|
|
Page Filter
Try It Out
To see what the PageFilter plugin does, you should view
some web pages twice: first with the plugin disabled, and then
with the plugin enabled.
- Setup the Plugin
- Start WBI. Setup your web
browser to use WBI as a
proxy.
- Register the PageFilter
plugin. At the WBI console, type (on one line)
register com/ibm/wbi/examples /pagefilter/pagefilter.reg
- Check whether the plugin is registered and enabled. Go to the
WBI Setup page. The PageFilter plugin
should be listed in the table with a checkmark next to its name. If the plugin
is not listed, try registering it again. If the checkmark is not there, click
on the box to the left of the plugin name.
- Open another browser window. Use that window to try out the plugin, and use
this window to display the documentation. (To open another window using
Microsoft Internet Explorer, go to File -> New -> Window. To open a window
using Netscape Navigator, go to File -> New -> Navigator Window.)
- View Web Pages Without the Plugin
- Now disable the plugin so that you can see what the original web
pages look like. Go to the WBI Setup page.
Disable the PageFilter plugin by clicking on the box to the left of its name.
- Access the IBM Homepage, the
IBM Support Homepage, and
the WBI Homepage. Notice
that they all get displayed in the browser and contain working links.
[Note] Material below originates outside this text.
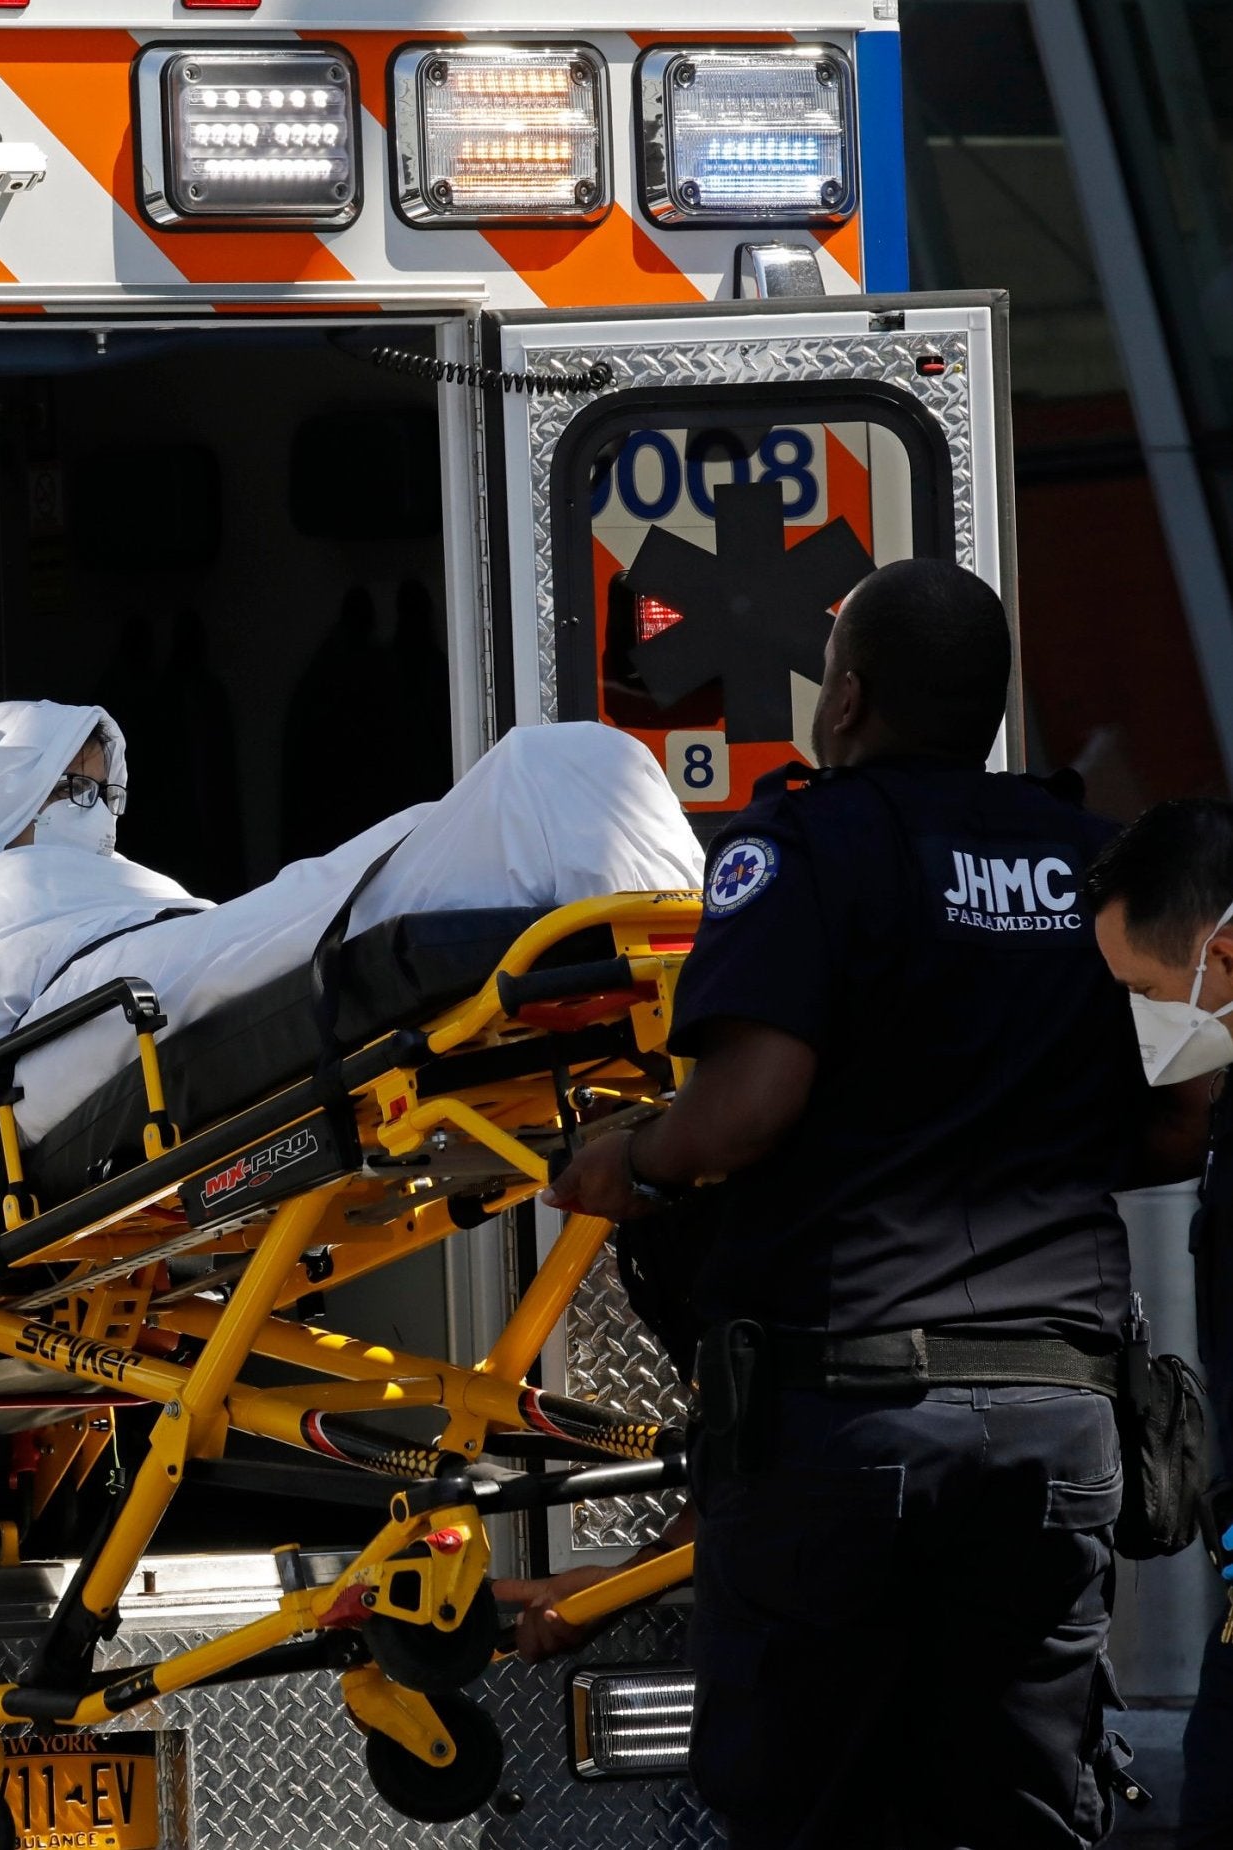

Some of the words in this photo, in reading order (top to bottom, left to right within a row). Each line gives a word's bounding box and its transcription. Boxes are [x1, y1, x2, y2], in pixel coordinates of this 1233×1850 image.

- View Web Pages With the Plugin
- Now enable the plugin so that you can see how it changes the pages
that are displayed in your browser. Go to the WBI
Setup page. Enable the PageFilter plugin by clicking on the box to the
left of its name.
- Access the IBM Homepage. Notice that it
appears the same way as before. Now access the
IBM Support Homepage.
Notice that some of the links that were visible before have been replaced
by normal (non-link) text. Finally, try to access the
WBI Homepage. This should
take you to a page of links, rather than to the WBI Homepage.
What It Does
The PageFilter plugin blocks a web browser from displaying sites that
are not on a list of approved sites. When a user tries to access an
unapproved site, the browser displays a web page that contains links
to all of the approved sites. If a web page contains a link to an
unapproved site, the link text is replaced by normal (non-link)
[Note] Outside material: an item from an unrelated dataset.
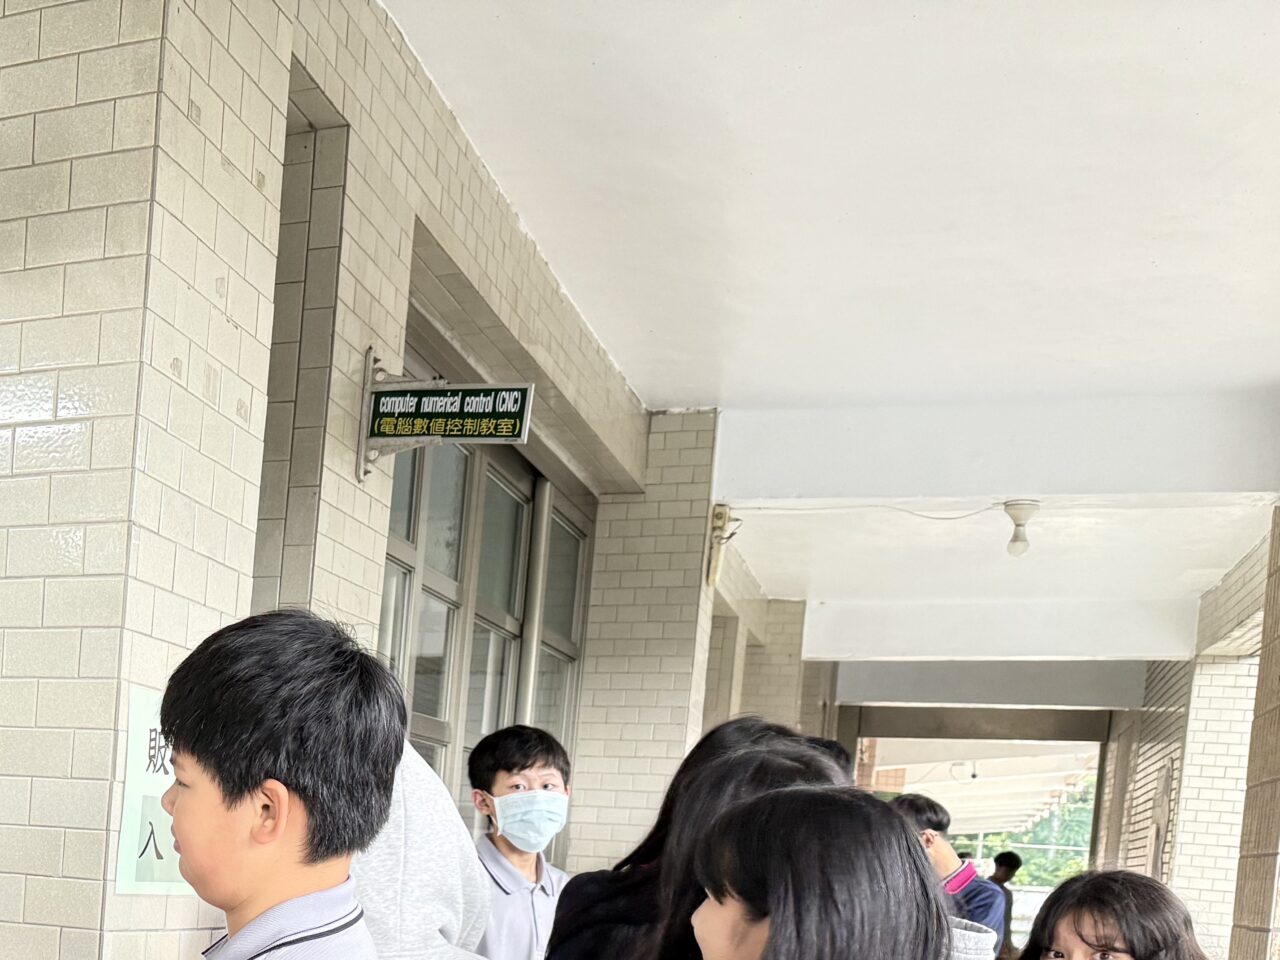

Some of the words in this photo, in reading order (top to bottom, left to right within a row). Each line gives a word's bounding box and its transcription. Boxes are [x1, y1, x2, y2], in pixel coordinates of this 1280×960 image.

text. A web form can be used to add to the list of approved sites.
How It Works
Architecture
The plugin maintains a database of approved web sites/pages. New
sites/pages can be added to the database by using a web form. Each
time the browser makes a request, the database is consulted as to
whether the requested page is approved. To be approved, the
requested URL must match at least one of the entries in the database.
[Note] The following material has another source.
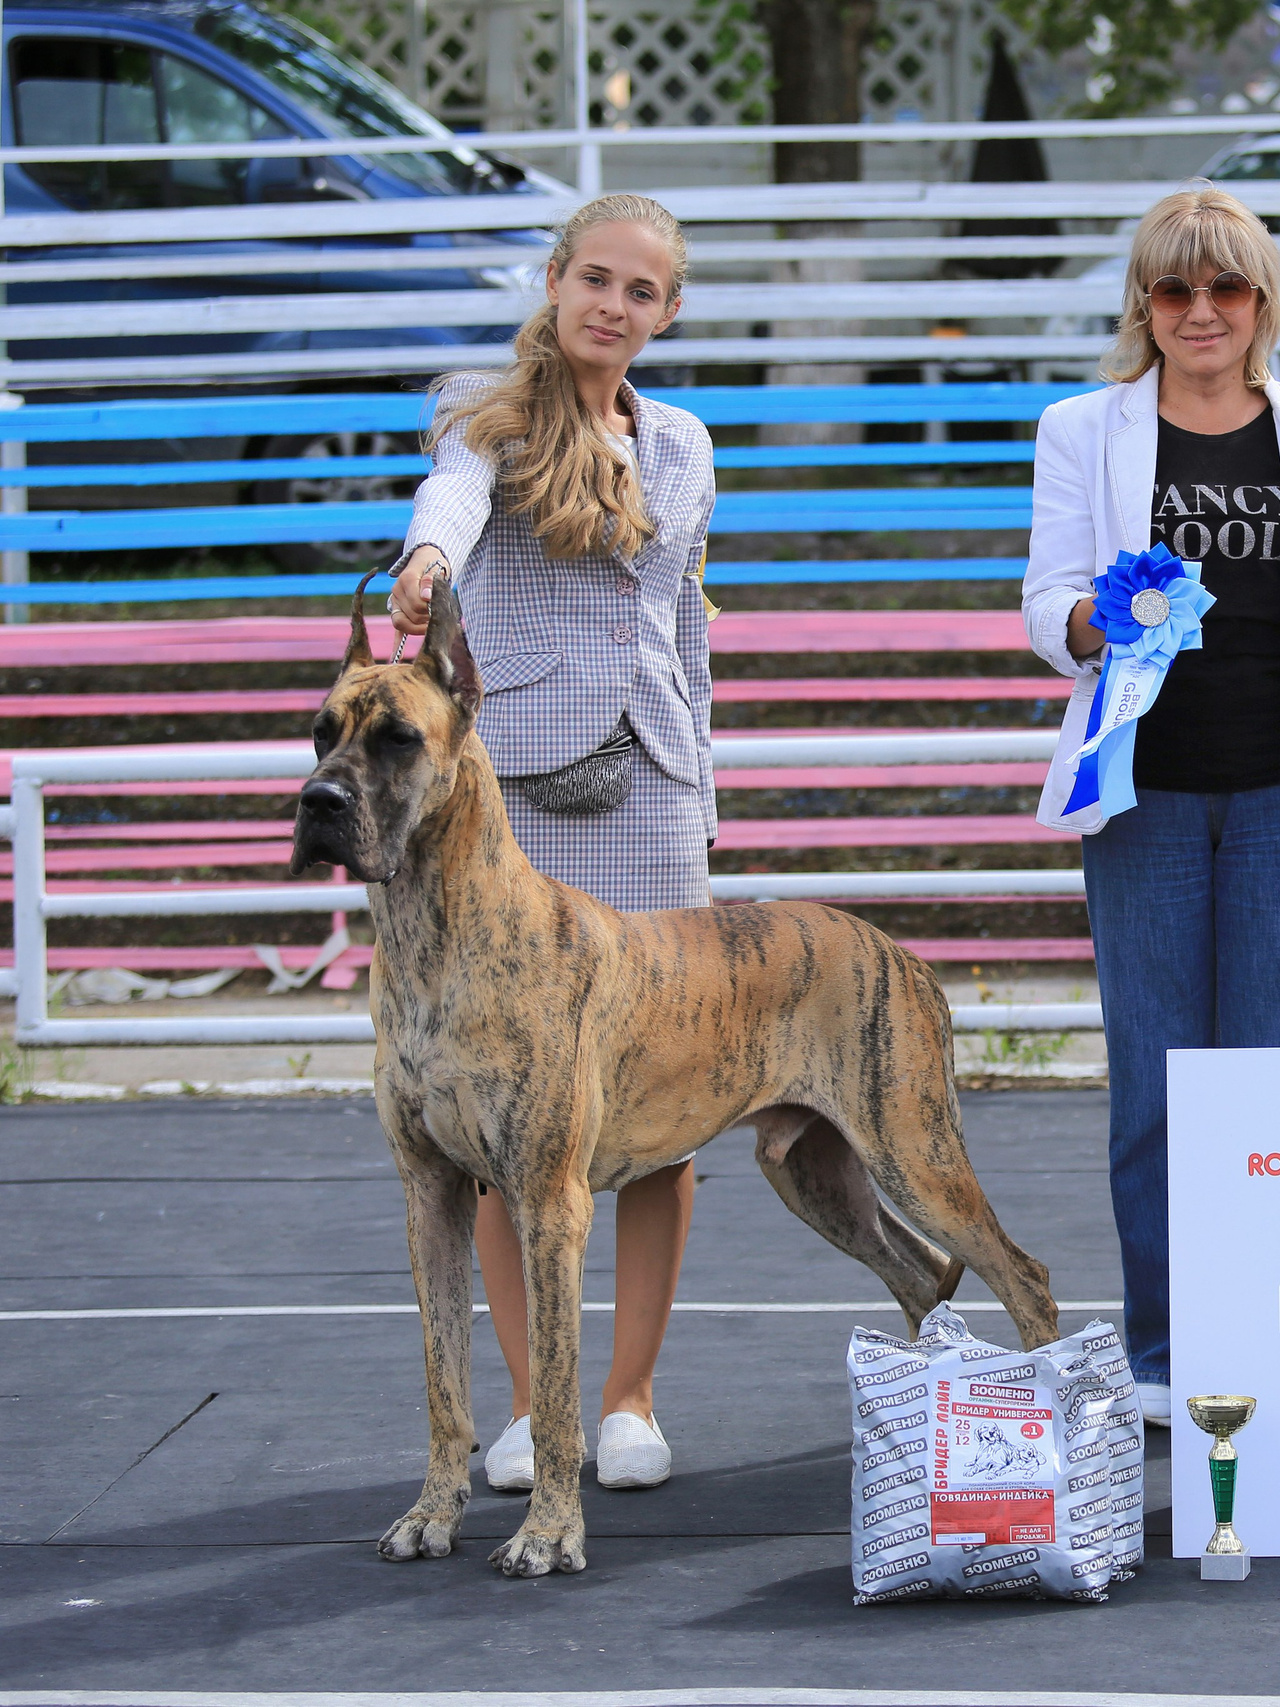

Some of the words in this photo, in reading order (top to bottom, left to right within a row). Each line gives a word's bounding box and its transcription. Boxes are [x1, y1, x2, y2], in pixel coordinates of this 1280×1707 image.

If the request is approved, then the page is retrieved and is
displayed to the user. If the request is not approved, then the
browser is diverted to a web page that contains a list approved links.
When an approved page is retrieved from the web, each link is checked
to determine whether it points to an approved page. If it points
to an approved page, then the link is not edited. If not, then the
link is removed (i.e., the anchor tag is removed but the anchor text
remains).
MEG Model
The PageFilter plugin consists of two generators and two editors. The following
diagram illustrates the way a request gets processed by the PageFilter plugin.
In the diagram, "RE" refers to the one request editor, "G" refers to either
of the two generators, and "DE" refers to the one document editor.
- Step 1 (RE):
When the browser makes a request, the request editor checks
to see whether the requested web page is in the database of approved
pages. If the requested page is in the database, then the request
editor does not change the request. If the page is not in the
database, then the request editor changes the URL in the request.
- Step 2 (G):
The PageFilter plugin uses two generators, one for each of the cases
in Step 1 (request approved vs. request not approved). Requests for
approved pages are handled by WBI's default generator. This generator
acts as a transparent proxy, retrieving the requested page from its
server. Requests for unapproved pages are handled by a special
pagefilter generator. This generator creates a web page containing links to
approved sites.
- Step 3 (DE):
Once a page has been received from a generator, a document editor
checks whether the page contains any links to unapproved sites. If
there are any such links, the document editor replaces these links
with normal text. Once the document editor is done, the page is ready
to be displayed in the browser. Note that the document editor does
not actually need to be run on pages that come from the pagefilter generator,
as the links on these pages always point to approved sites.
Implementation Details
- Filtering out unapproved pages:
The PageRequestEditor (a request editor) checks whether the requested
page is approved or not. If it is approved, then the PageRequestEditor
throws a RequestRejectedException. If not, a new request is created
(with a different URL) which will make the browser display a web page
of links to approved pages/sites.
- Editing links:
The PageFilterEditor (a document editor) changes approved pages by
editing out links to unapproved web pages/sites. A
LinkAnnotationEditor is used to remove links to
unapproved sites. More precisely, PageFilterEditor
extends LinkAnnotationEditor. This means that each link
(i.e., each anchor tag and its anchor text) is passed to the
editLinkmethod. If the href of the tag
matches a pattern in the database (the link points to an approved
site), then editLink does nothing. Otherwise,
editLink sets the link tag to null,
indicating that the link is to be removed. Note that only the anchor
tag is removed in this case, and not the anchor text.
- Retrieving approved pages:
WBI's DefaultHttpGenerator retrieves approved web pages.
- Creating page of approved links: The
PageFilterGenerator handles requests which were created
by the PageRequestEditor. The generator creates a
String of HTML code containing links to approved sites. Then, it
uses a StaticHtmlGenerator to display the HTML code in
a web page.
- Storing approved pages/sites:
Each approved web page or web site is represented by a
Page object. A Page contains a
pattern to match URLs against and a sample
URL and title. The sample is used to generate the page
of links to approved sites. The plugin maintains a small database of
these Page objects.
- Changing the "approved" database:
The PageFilterFormGenerator deals with the web form to add
Page objects to the "approved" database. The generator
can create the form and process any data that was entered into the
form. The database is actually an instance of Section.
- Some key WBI classes that were used:
Source Files
- Page.java
- Contains the class definition for Page (data structure for approved page).
- pagefilter.ini
- Initial database of approved sites/pages.
- PageFilter.java
- Contains the class definitions for PageFilter (the plugin itself),
PageFilterGenerator (page of links to approved pages), PageFilterFormGenerator
(form to change list of approved sites), PageFilterEditor (edit out links to
unapproved sites), and PageRequestEditor (change request URL if destined for
an unapproved site).
- pagefilter.reg
- Contains the code necessary to register the plugin.
- Pattern.java
- Contains the class definitions for Pattern and PatternPart (data
structures used to match requested URLs against entries in approved database).
|